Return the entries below in their exact form, leaving the pictures out.

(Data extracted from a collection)
■ ■ ■ ■ ■
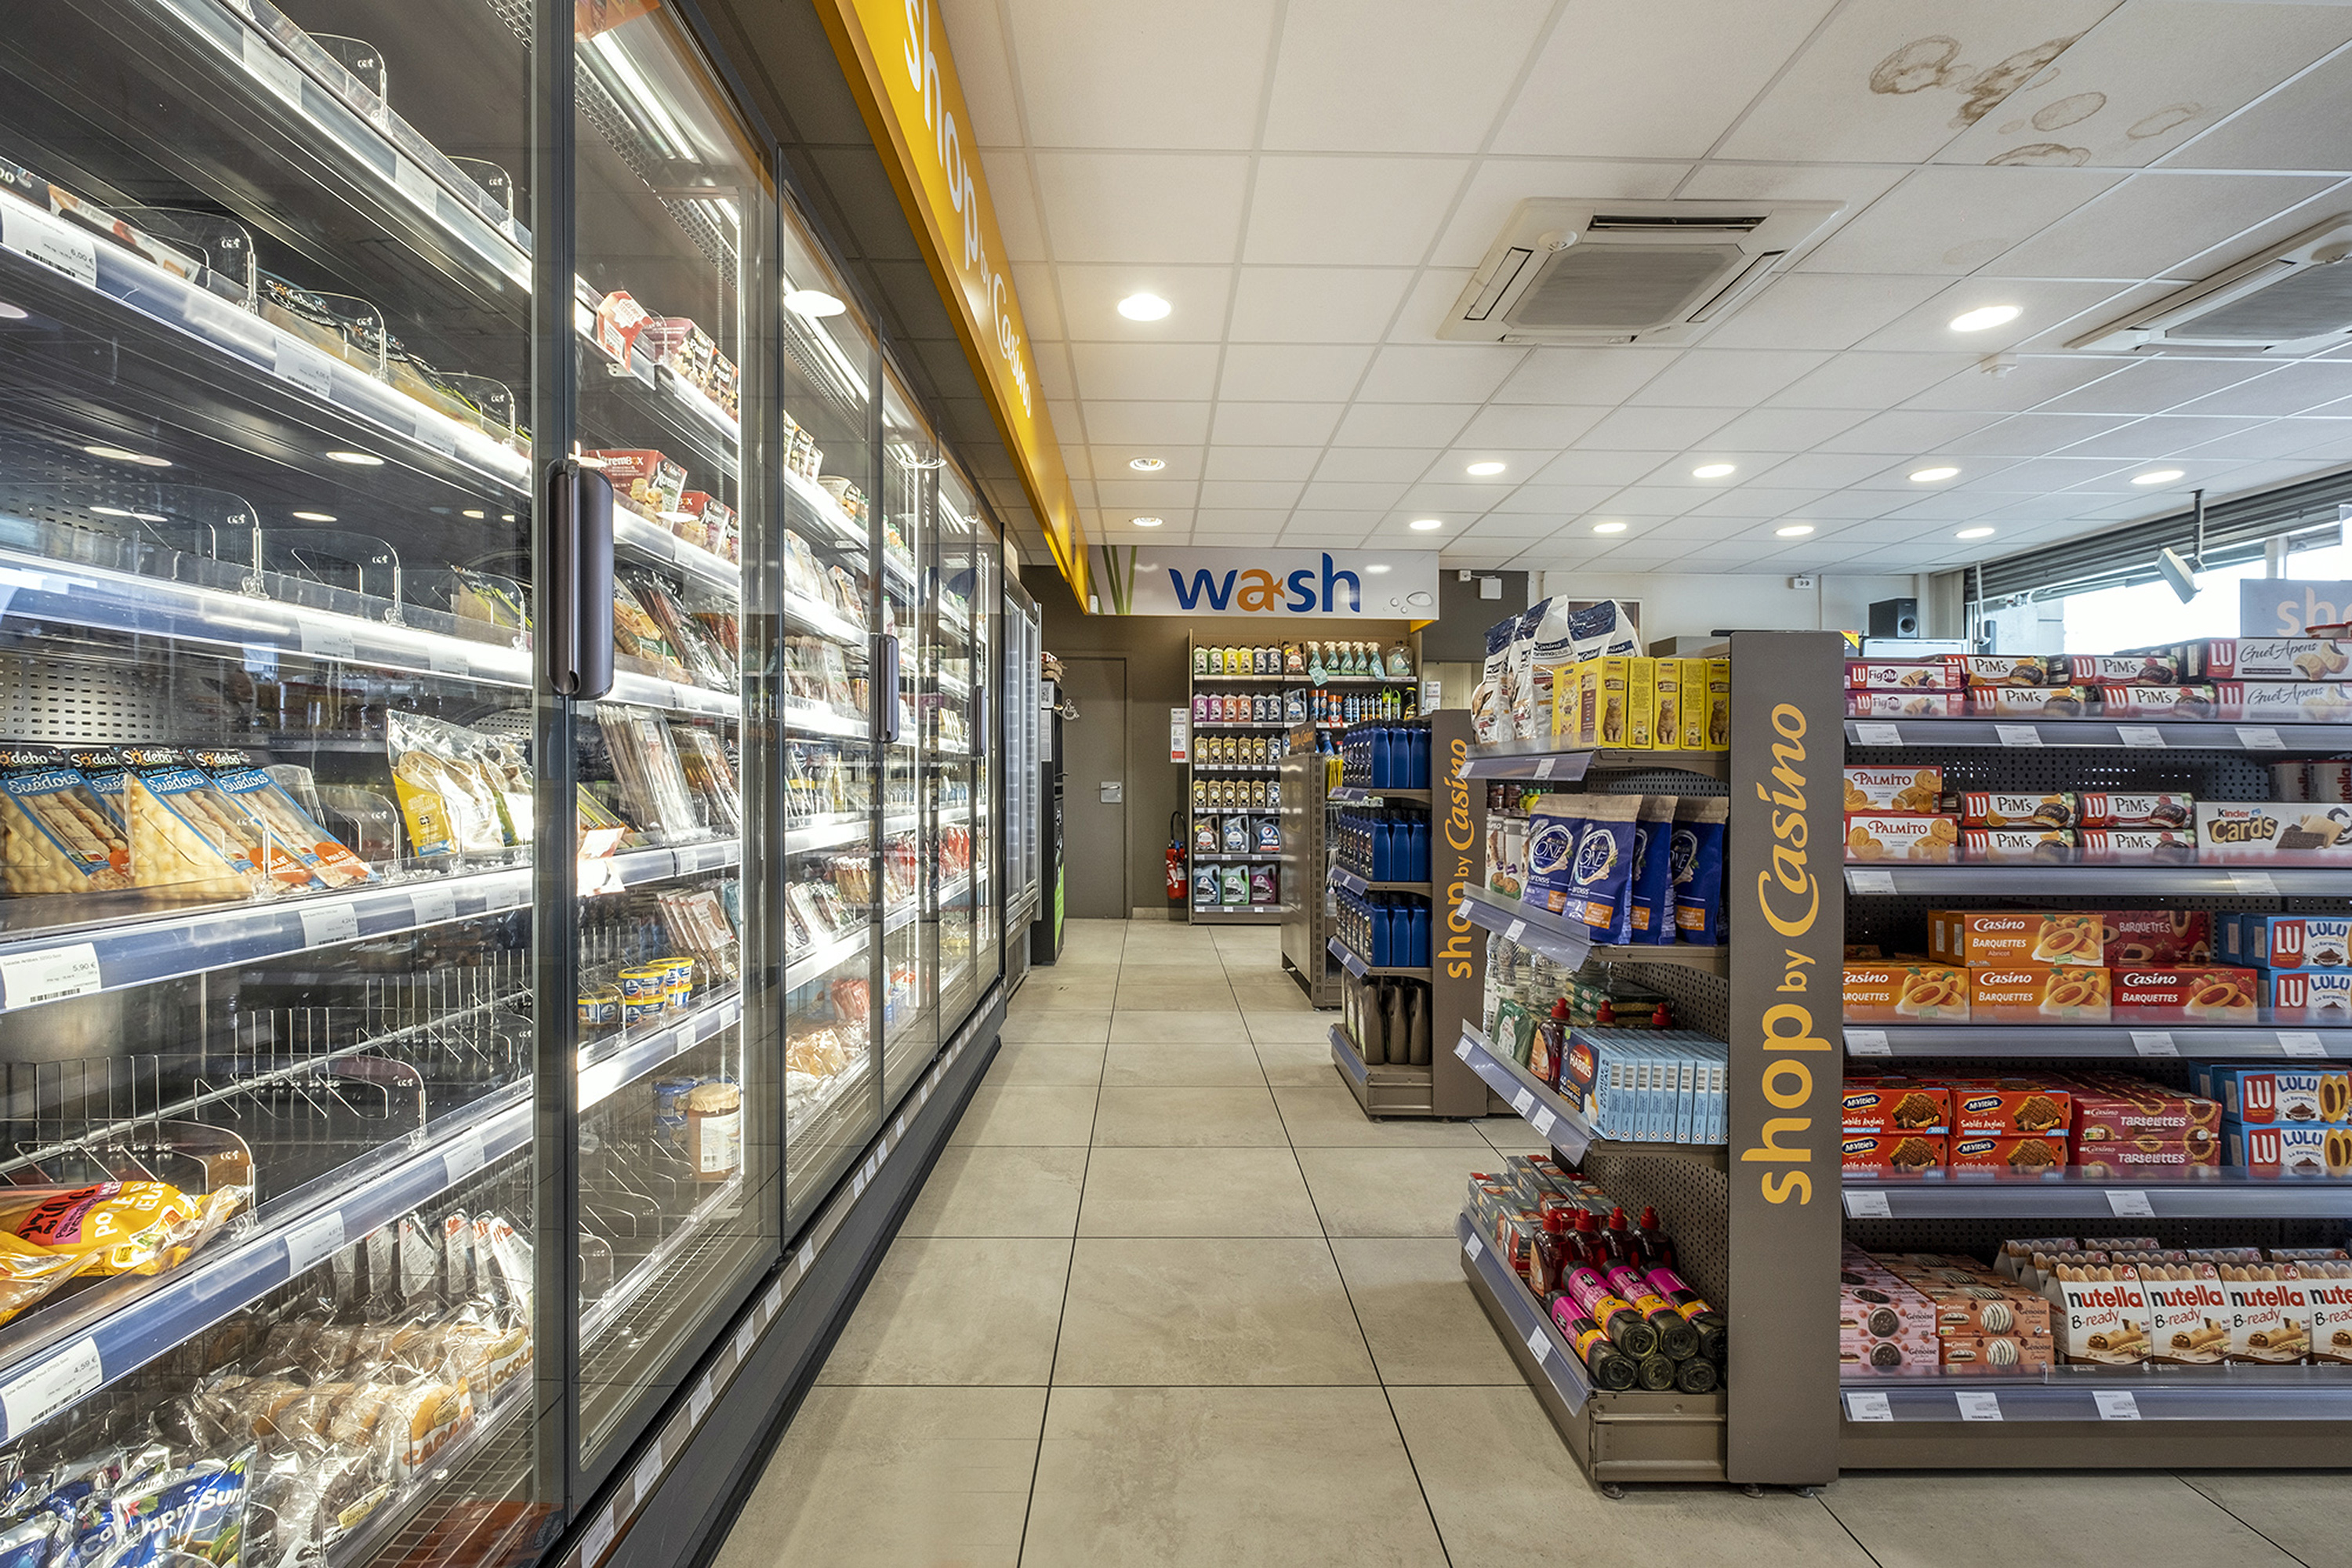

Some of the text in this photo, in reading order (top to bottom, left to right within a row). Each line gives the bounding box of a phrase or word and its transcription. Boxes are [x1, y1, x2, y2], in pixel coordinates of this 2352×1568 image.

[993, 273, 1032, 419] Casino
[1167, 552, 1361, 613] wash
[2276, 586, 2352, 637] sh
[2211, 643, 2233, 666] LU
[1852, 666, 1866, 683] LU
[2073, 657, 2093, 679] LU
[1856, 695, 1871, 710] LU
[1975, 689, 1996, 711] LU
[2105, 688, 2127, 710] LU
[71, 752, 118, 768] Sodeb
[147, 772, 205, 793] Suédois
[1968, 796, 1987, 817] LU
[2087, 797, 2107, 818] LU
[2211, 816, 2275, 844] Cards
[1534, 841, 1565, 859] ONE
[1454, 855, 1473, 877] by
[1973, 917, 2026, 932] Casino
[2118, 921, 2172, 934] BARQUETTES
[2307, 922, 2348, 938] LULU
[1972, 938, 2027, 949] BARQUETTES
[2276, 926, 2300, 954] LU
[1740, 702, 1833, 1206] shop by Casino
[72, 963, 89, 972] 5,90
[1842, 971, 1889, 985] Casino
[1980, 971, 2033, 986] Casino
[2123, 971, 2177, 987] Casino
[2310, 975, 2350, 992] LULU
[1842, 992, 1890, 1001] ARQUETTES
[1978, 991, 2034, 1002] BARQUETTES
[2122, 993, 2179, 1003] BARQUETTES
[2279, 979, 2303, 1007] LU
[1570, 1052, 1592, 1080] HARRIS
[2246, 1080, 2271, 1109] LU
[2277, 1076, 2318, 1093] LULU
[2251, 1134, 2278, 1163] LU
[2282, 1131, 2324, 1147] LULU
[2067, 1286, 2144, 1308] nutella
[2150, 1284, 2225, 1307] nutella
[2230, 1285, 2306, 1308] nutella
[2071, 1308, 2120, 1330] B-ready
[2154, 1308, 2201, 1329] B-ready
[2233, 1308, 2281, 1328] B-ready
[74, 1360, 90, 1374] 4,59
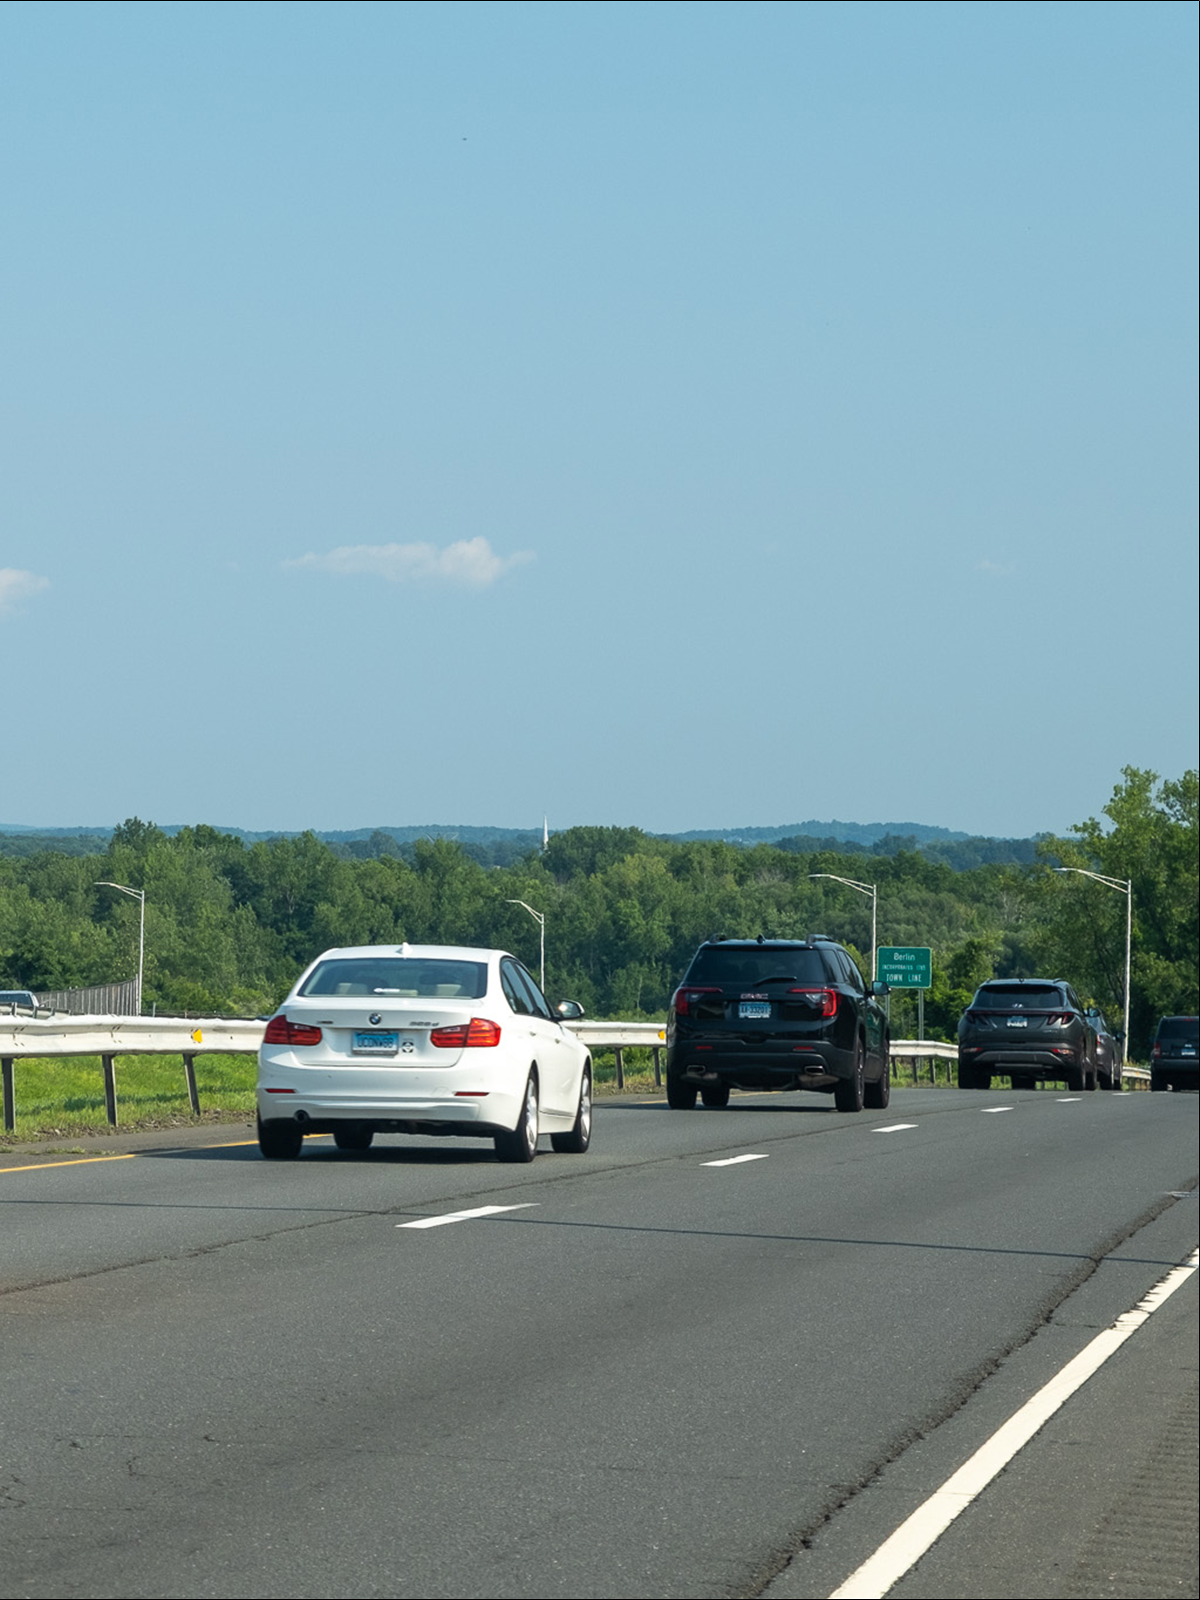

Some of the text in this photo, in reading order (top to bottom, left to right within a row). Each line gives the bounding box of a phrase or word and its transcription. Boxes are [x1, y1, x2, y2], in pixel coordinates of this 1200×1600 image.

[893, 952, 916, 961] Berlin
[886, 973, 922, 983] TOWN LINE
■ ■ ■ ■ ■
Final answer:
Some of the text in this photo, in reading order (top to bottom, left to right within a row). Each line gives the bounding box of a phrase or word and its transcription. Boxes are [x1, y1, x2, y2], in pixel coordinates of this 2352×1568 image.

[993, 273, 1032, 419] Casino
[1167, 552, 1361, 613] wash
[2276, 586, 2352, 637] sh
[2211, 643, 2233, 666] LU
[1852, 666, 1866, 683] LU
[2073, 657, 2093, 679] LU
[1856, 695, 1871, 710] LU
[1975, 689, 1996, 711] LU
[2105, 688, 2127, 710] LU
[71, 752, 118, 768] Sodeb
[147, 772, 205, 793] Suédois
[1968, 796, 1987, 817] LU
[2087, 797, 2107, 818] LU
[2211, 816, 2275, 844] Cards
[1534, 841, 1565, 859] ONE
[1454, 855, 1473, 877] by
[1973, 917, 2026, 932] Casino
[2118, 921, 2172, 934] BARQUETTES
[2307, 922, 2348, 938] LULU
[1972, 938, 2027, 949] BARQUETTES
[2276, 926, 2300, 954] LU
[1740, 702, 1833, 1206] shop by Casino
[72, 963, 89, 972] 5,90
[1842, 971, 1889, 985] Casino
[1980, 971, 2033, 986] Casino
[2123, 971, 2177, 987] Casino
[2310, 975, 2350, 992] LULU
[1842, 992, 1890, 1001] ARQUETTES
[1978, 991, 2034, 1002] BARQUETTES
[2122, 993, 2179, 1003] BARQUETTES
[2279, 979, 2303, 1007] LU
[1570, 1052, 1592, 1080] HARRIS
[2246, 1080, 2271, 1109] LU
[2277, 1076, 2318, 1093] LULU
[2251, 1134, 2278, 1163] LU
[2282, 1131, 2324, 1147] LULU
[2067, 1286, 2144, 1308] nutella
[2150, 1284, 2225, 1307] nutella
[2230, 1285, 2306, 1308] nutella
[2071, 1308, 2120, 1330] B-ready
[2154, 1308, 2201, 1329] B-ready
[2233, 1308, 2281, 1328] B-ready
[74, 1360, 90, 1374] 4,59

Some of the text in this photo, in reading order (top to bottom, left to right within a row). Each line gives the bounding box of a phrase or word and its transcription. Boxes are [x1, y1, x2, y2], in pixel coordinates of this 1200×1600 image.

[893, 952, 916, 961] Berlin
[886, 973, 922, 983] TOWN LINE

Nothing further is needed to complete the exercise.